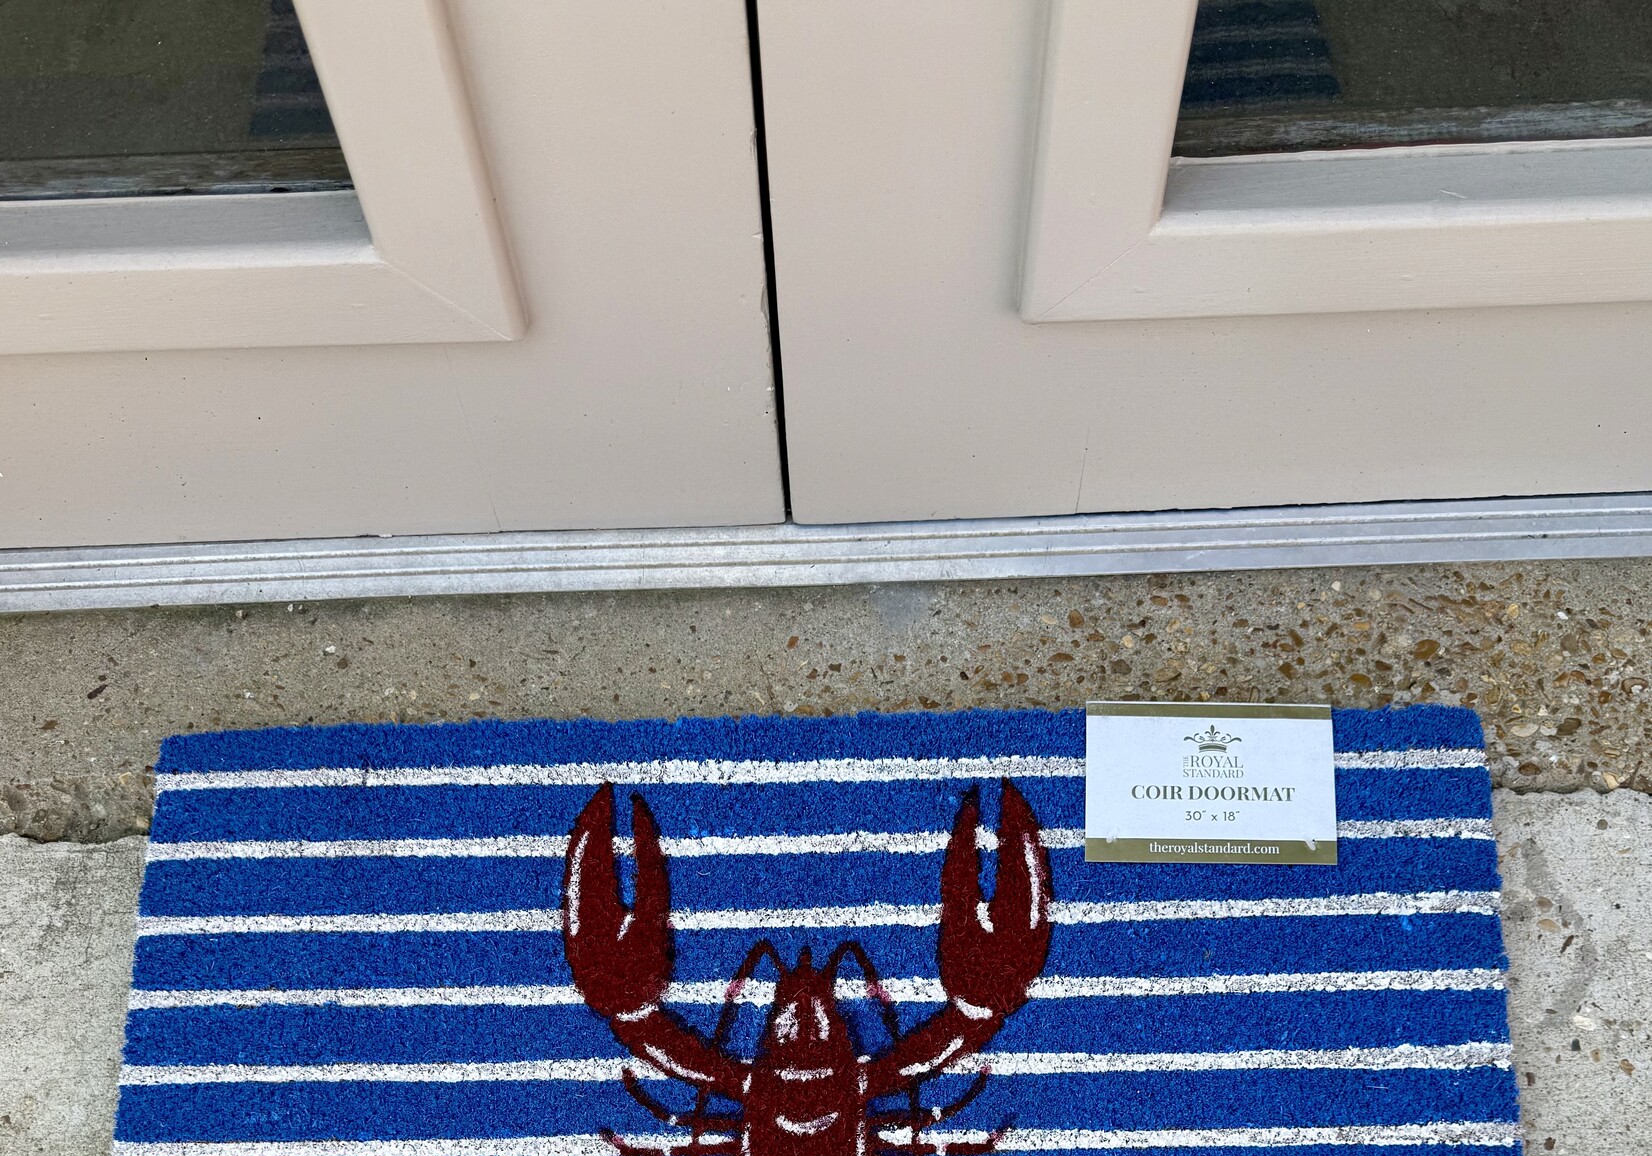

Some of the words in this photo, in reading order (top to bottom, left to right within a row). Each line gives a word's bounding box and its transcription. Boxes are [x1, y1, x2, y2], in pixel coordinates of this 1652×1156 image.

[1190, 755, 1244, 768] ROYAL
[1182, 769, 1244, 779] STANDARD
[1131, 784, 1183, 800] COIR
[1188, 785, 1296, 802] DOORMAT
[1211, 814, 1218, 822] x
[1149, 842, 1280, 856] theroyalstandard.com

Task: Print each entry above verbatim, pictures left out.

Solved exercise:
Some of the words in this photo, in reading order (top to bottom, left to right within a row). Each line gives a word's bounding box and its transcription. Boxes are [x1, y1, x2, y2], in pixel coordinates of this 1652×1156 image.

[1190, 755, 1244, 768] ROYAL
[1182, 769, 1244, 779] STANDARD
[1131, 784, 1183, 800] COIR
[1188, 785, 1296, 802] DOORMAT
[1211, 814, 1218, 822] x
[1149, 842, 1280, 856] theroyalstandard.com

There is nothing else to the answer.